La beauté est pour moi quelque chose qui tient de l’acte de création, c’est une notion qui est en lien avec une idée de la Vérité. Mais elle n’est certainement pas un énième appel au conformisme, à une dictature du bon goût acceptable par tous, indolore et faussement rassurant. Ceci est une violence dont je me suis libéré. Alors je suis attiré par ce qui sort de l’ordinaire, par ce qui nécessite une réflexion avant de porter un jugement. La bûche « Bonhomme des Neiges » par Cédric Grolet, avec son corps difforme, a suscité de fortes réactions. Le processus mental qui a motivé ces réactions nous est-il étranger, et faut-il s’en prémunir ? N’est-il pas justement ce qui nous emprisonne ? Je veux plutôt me pencher sur cette création et comprendre ce qu’elle nous dit vraiment.
Cette pâtisserie est une bûche créée pour Noël, composée d’une guimauve à la noix de coco, d’une ganache coco, d’un cœur coulant à la mangue et au gingembre, d’une dacquoise coco et d’un croustillant coco. Le spécimen acheté mesure 250 mm de longueur, 100 mm de largeur et 42 à 62 mm d’épaisseur selon les endroits (la tête étant la partie la plus volumineuse). Il pèse 713 grammes et coûte 95,00€.

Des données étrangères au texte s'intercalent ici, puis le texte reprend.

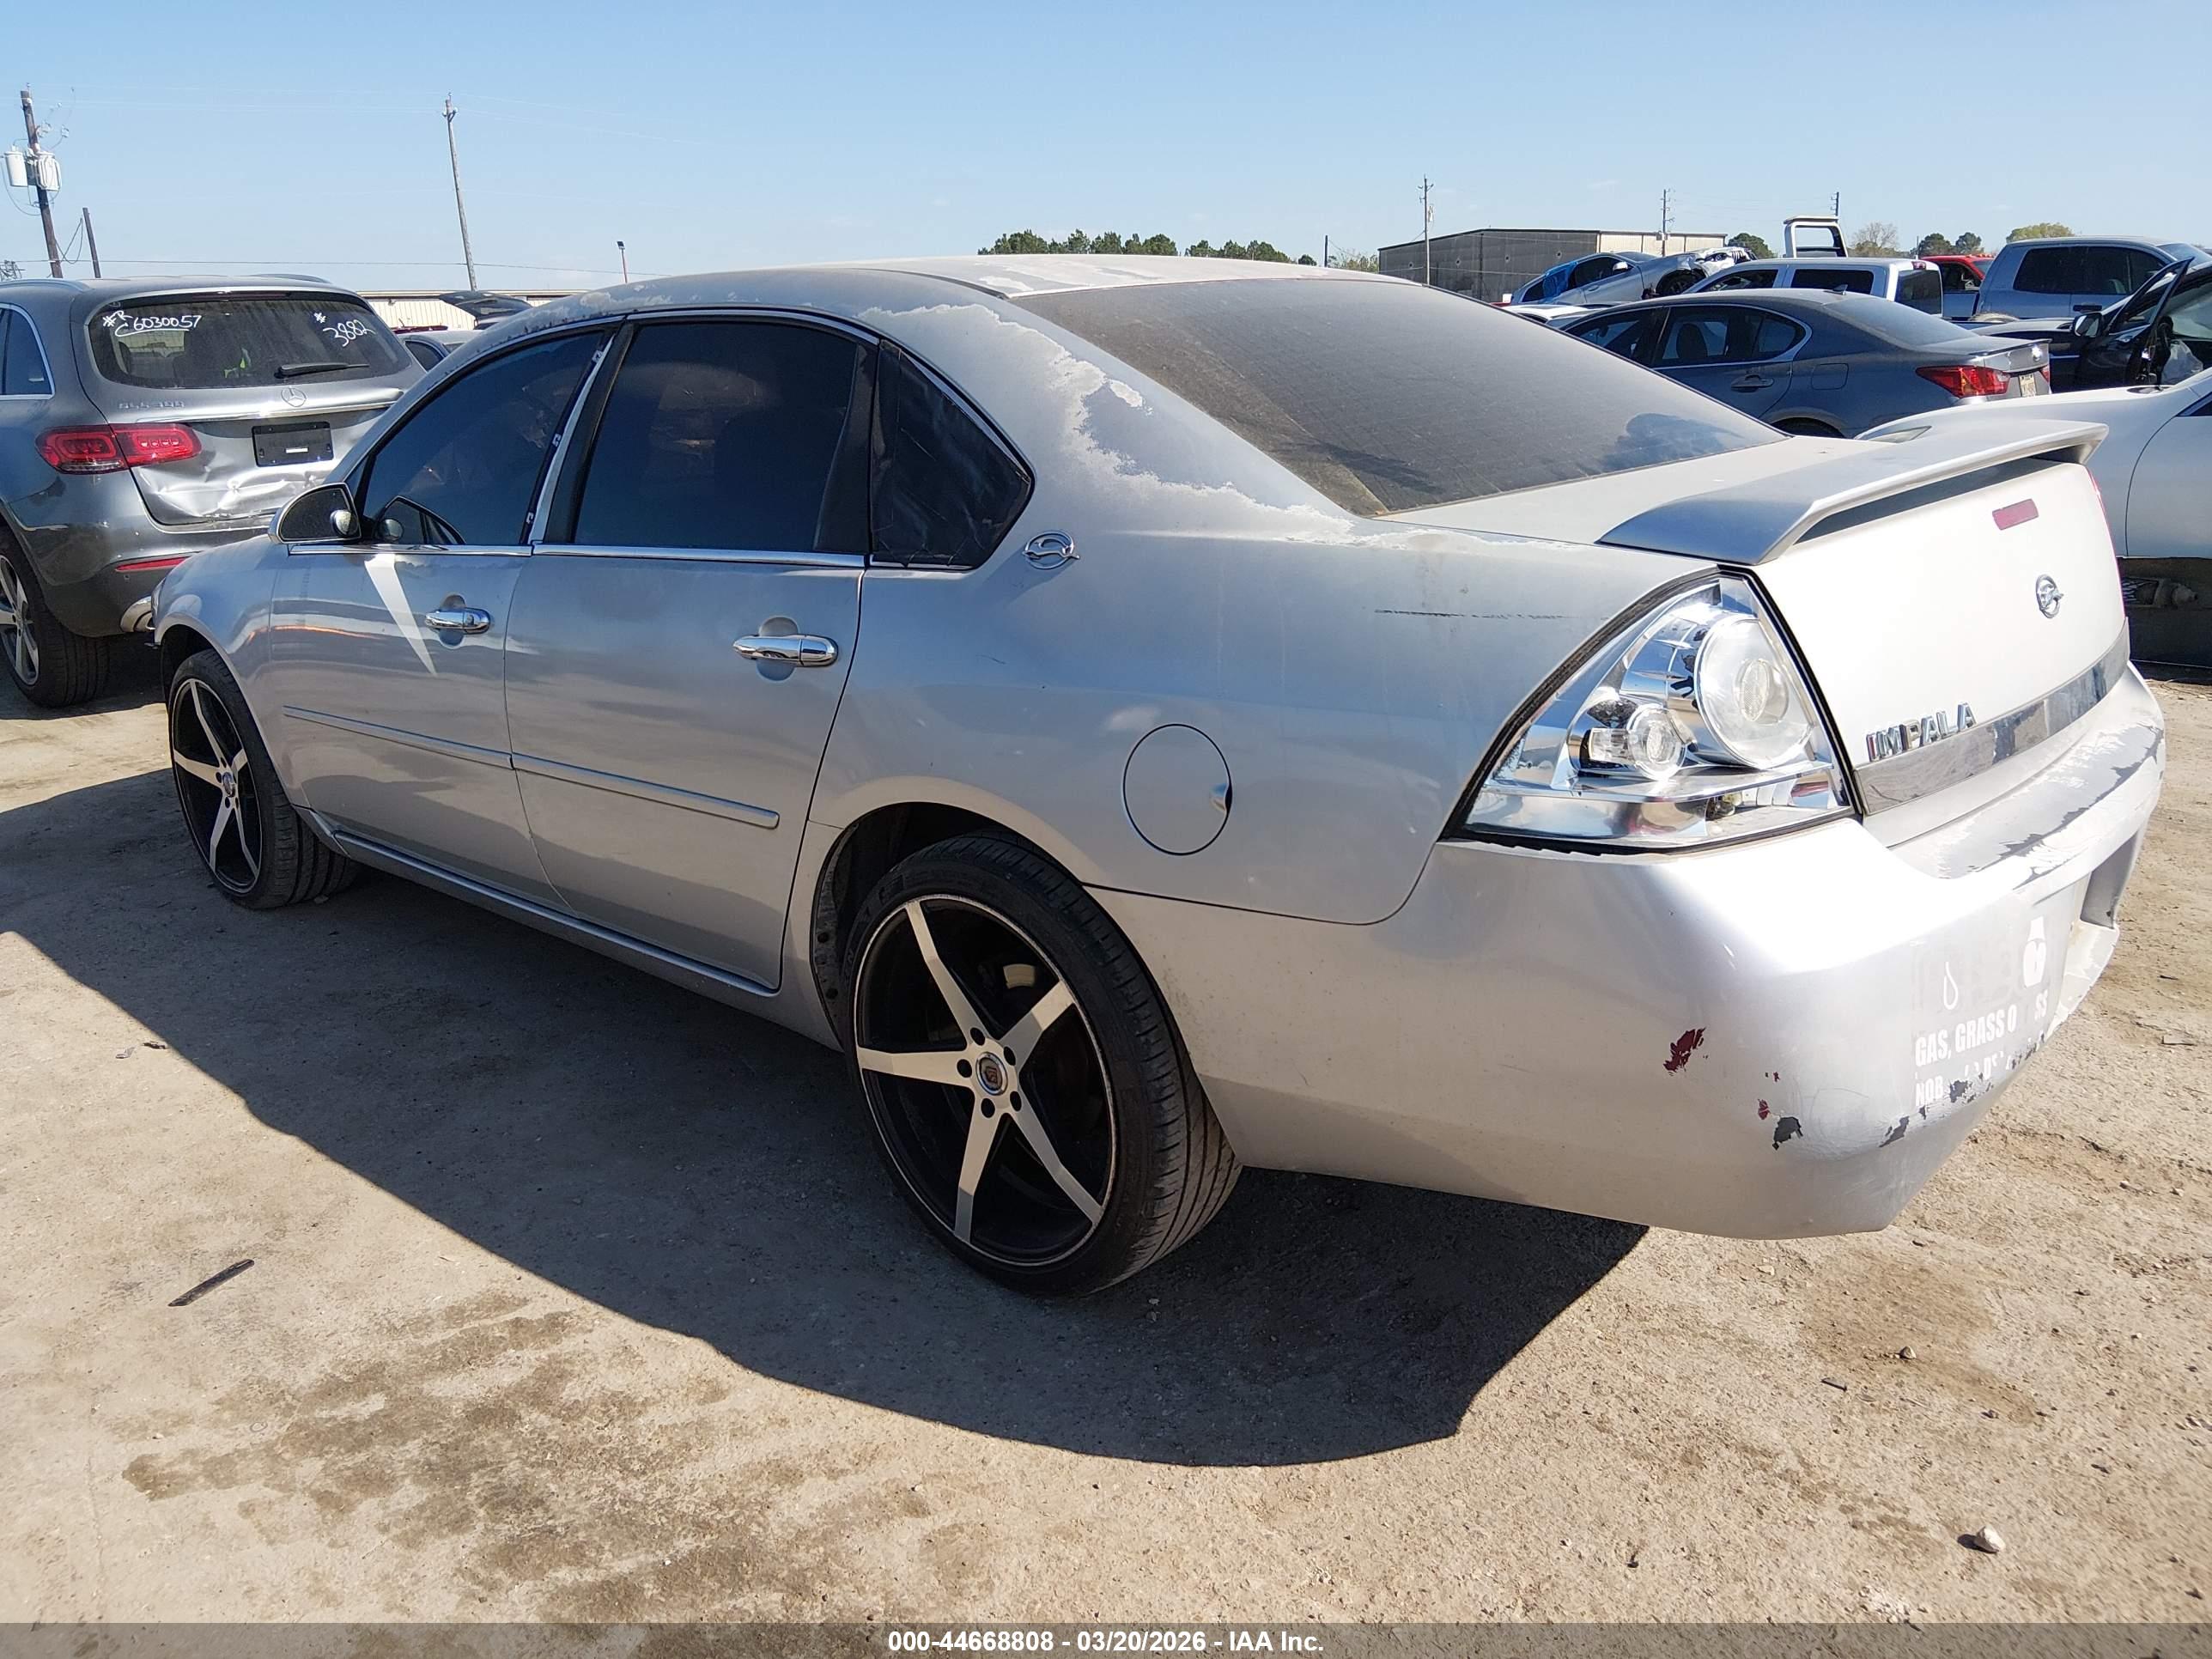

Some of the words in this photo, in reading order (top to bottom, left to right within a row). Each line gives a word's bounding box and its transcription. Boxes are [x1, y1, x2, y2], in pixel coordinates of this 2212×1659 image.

[1866, 702, 1977, 763] IMPALA
[1915, 1030, 1951, 1066] GAS,
[1954, 1009, 2005, 1053] GRASS
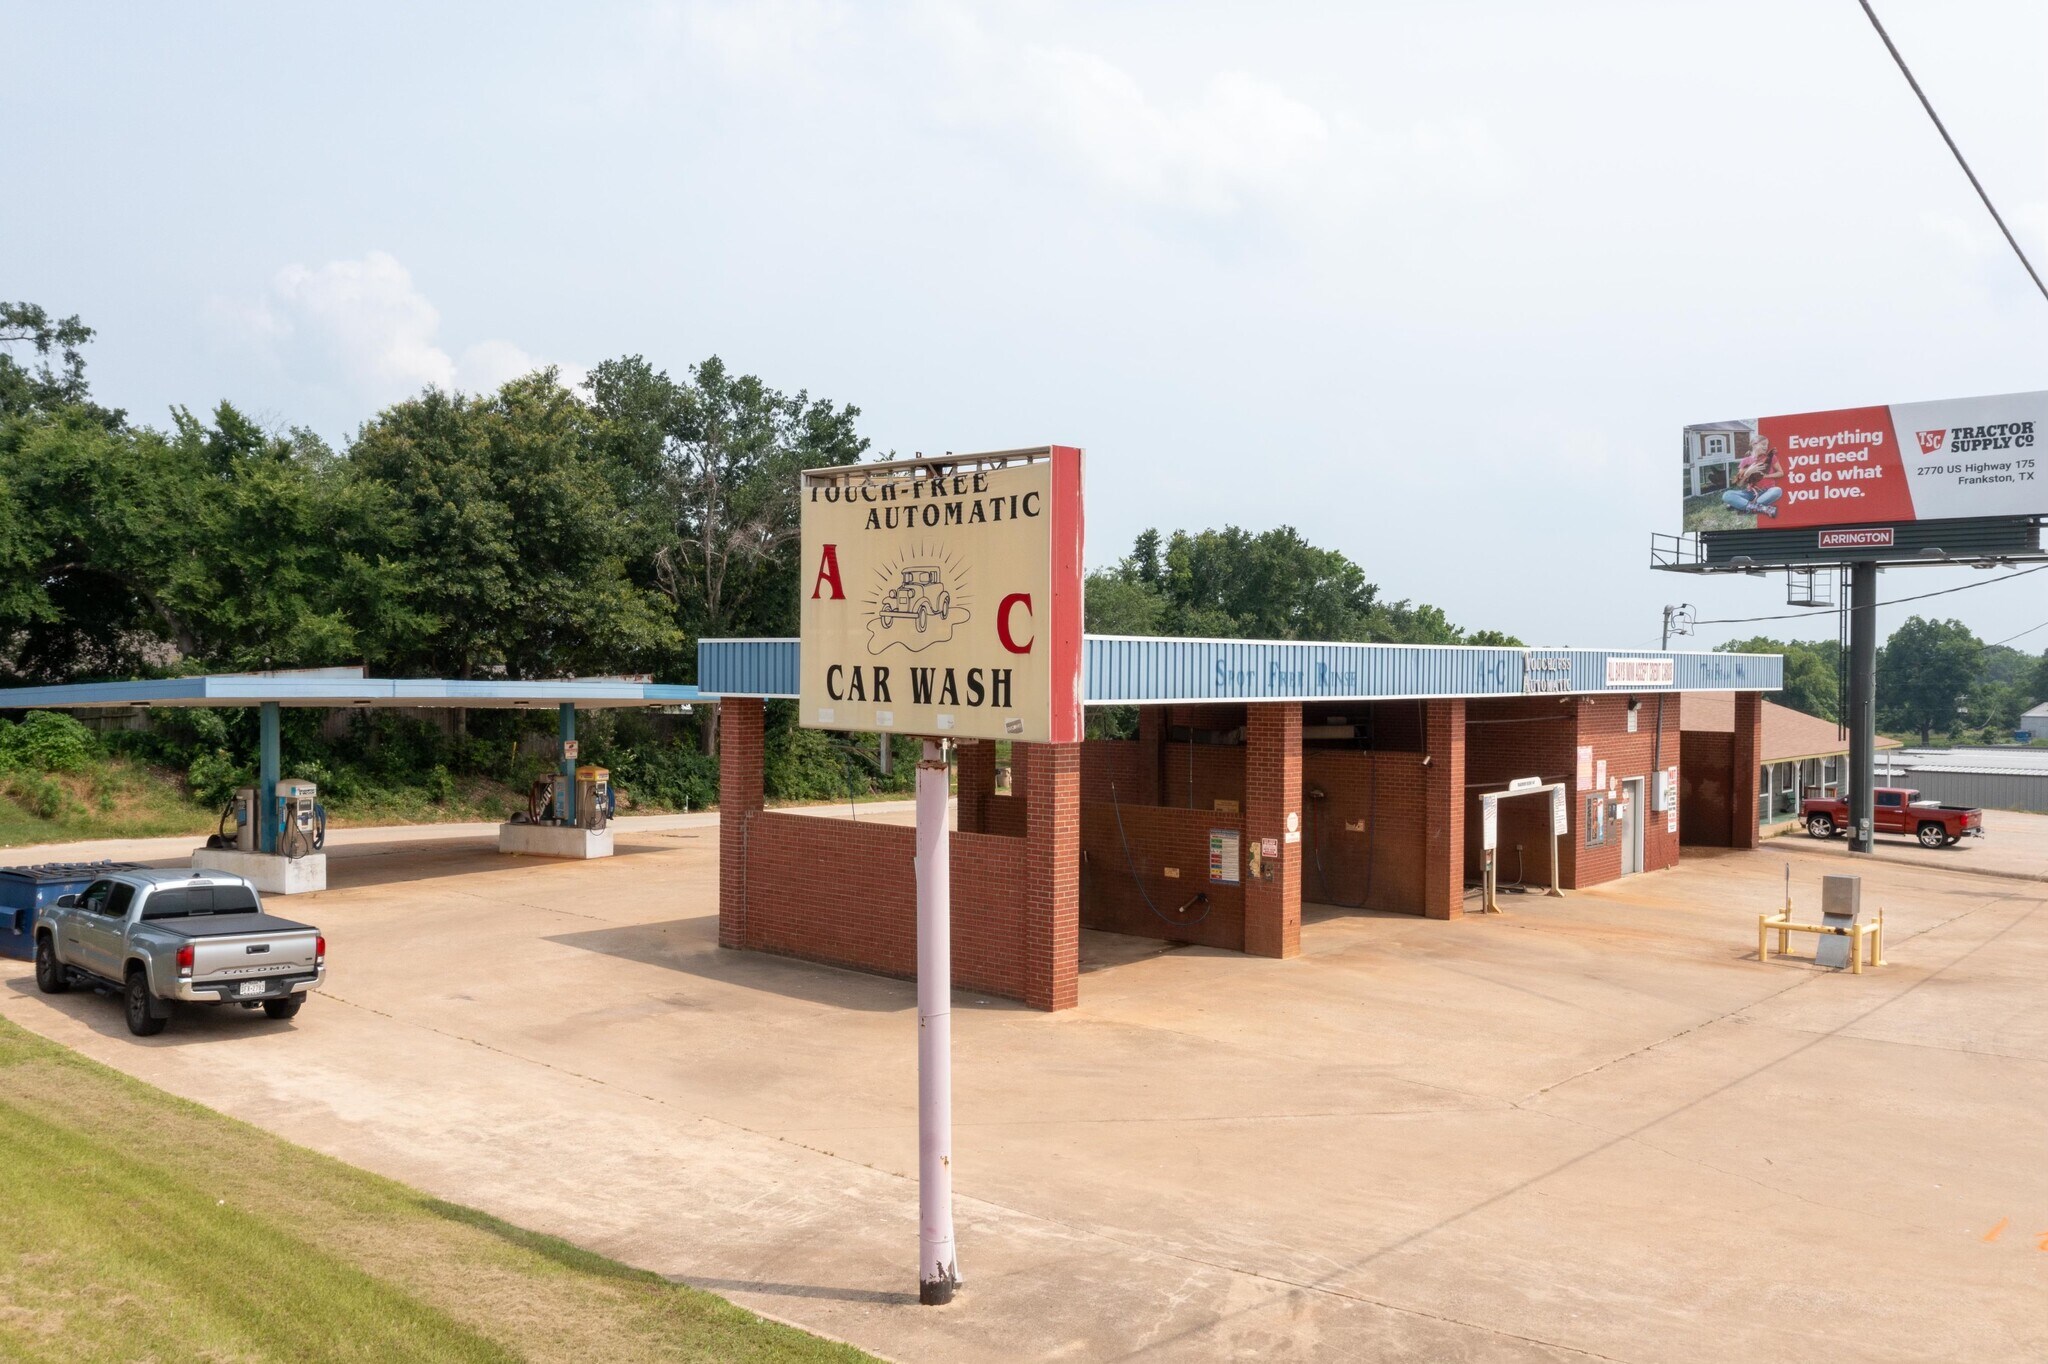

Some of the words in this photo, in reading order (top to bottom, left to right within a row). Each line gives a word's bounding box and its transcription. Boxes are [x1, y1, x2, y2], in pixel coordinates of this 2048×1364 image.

[1789, 428, 1883, 450] Everything
[1951, 421, 2034, 440] TRACTOR
[1919, 432, 1941, 450] TSC
[1951, 437, 2012, 453] SUPPLY
[1788, 454, 1819, 470] you
[1825, 447, 1868, 463] need
[1917, 466, 1944, 476] 2770
[1946, 464, 1962, 474] US
[1965, 462, 2012, 474] Highway
[2015, 459, 2035, 469] 175
[1788, 471, 1806, 484] to
[1810, 468, 1832, 482] do
[1836, 464, 1882, 481] what
[1958, 474, 2015, 485] Frankston,
[2018, 471, 2035, 481] TX
[1788, 489, 1819, 505] you
[1824, 485, 1866, 499] love.
[865, 491, 1041, 530] AUTOMATIC
[1822, 532, 1889, 545] ARRINGTON
[811, 544, 846, 600] A
[997, 592, 1035, 655] C
[826, 664, 892, 703] CAR
[910, 667, 1013, 708] WASH
[222, 965, 291, 975] TACOMA
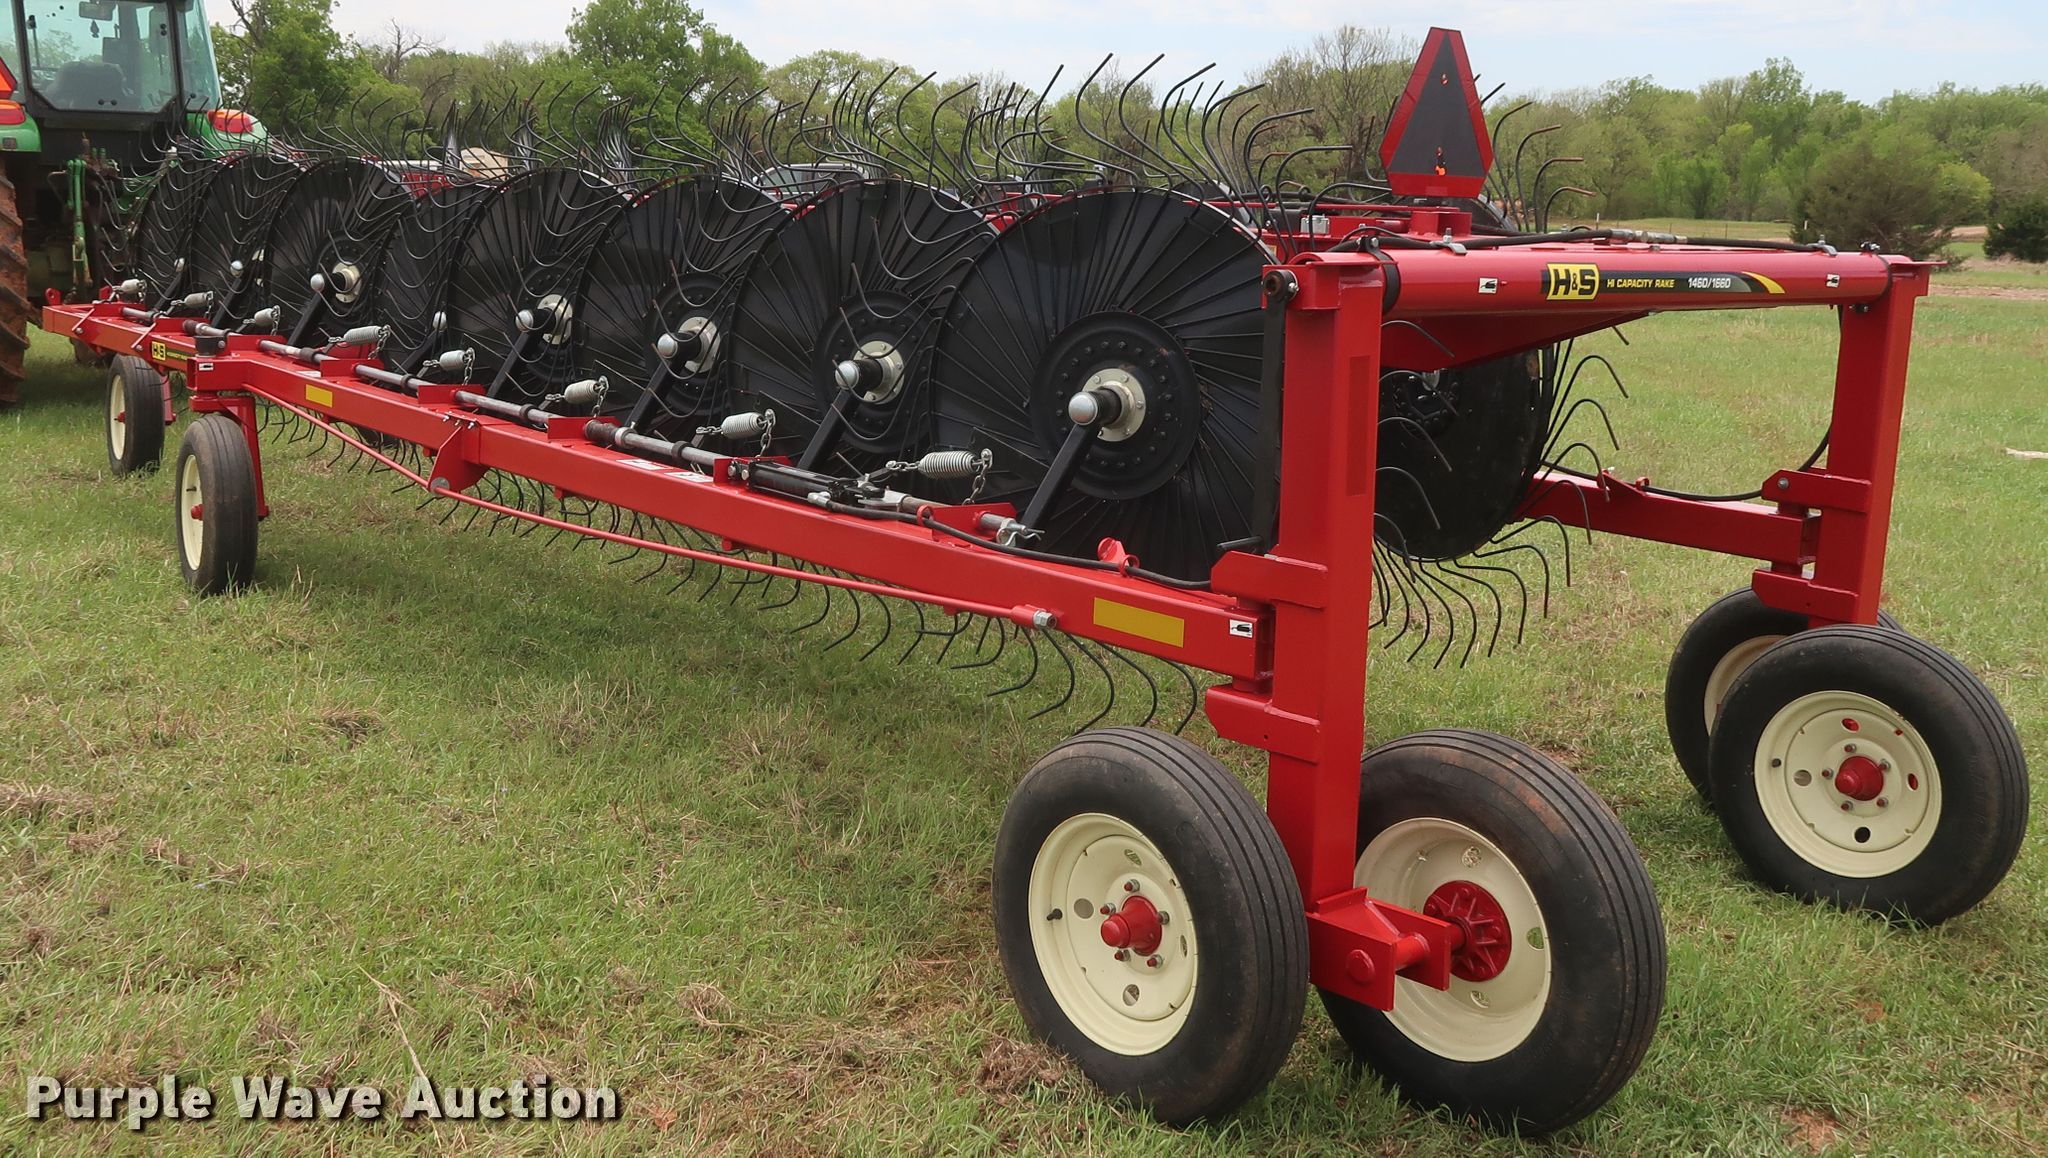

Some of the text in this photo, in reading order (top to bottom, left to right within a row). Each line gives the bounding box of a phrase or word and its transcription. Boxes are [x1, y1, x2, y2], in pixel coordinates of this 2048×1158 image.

[1552, 268, 1596, 296] H&S
[1606, 279, 1675, 288] HI CAPACITY RAKE
[1687, 277, 1731, 289] 1460/1660
[152, 342, 164, 359] HS

Je commence par observer ce gâteau attentivement, tant l’aspect visuel est un élément important des créations de Cédric Grolet. Premièrement, je remarque le bout de carotte proéminent dans la tête du bonhomme. Bien moins grâcieuse que sur les photos de lancement, cette carotte est relativement massive et poilue de petites racines à son extrémité. Une toute fine aurait été mieux proportionnée. Cela dit, j’apprécie cette idée enfantine d’avoir mis une carotte pour former le nez, elle comporte quelque chose d’absolu tellement elle est archétypale. Je l’apprécie d’autant plus que les yeux du bonhomme de neige ne sont pas marqués, peut-être dans un dernier acte de renoncement à une supposée perfection, ce qui me paraît comme une nouveauté dans la démarche du chef pâtissier. Cela permet aussi de garder une justesse et un certain chic : nous ne sombrons pas tout à fait dans la naïveté d’une bûche enfantine, mais elle est néanmoins évoquée.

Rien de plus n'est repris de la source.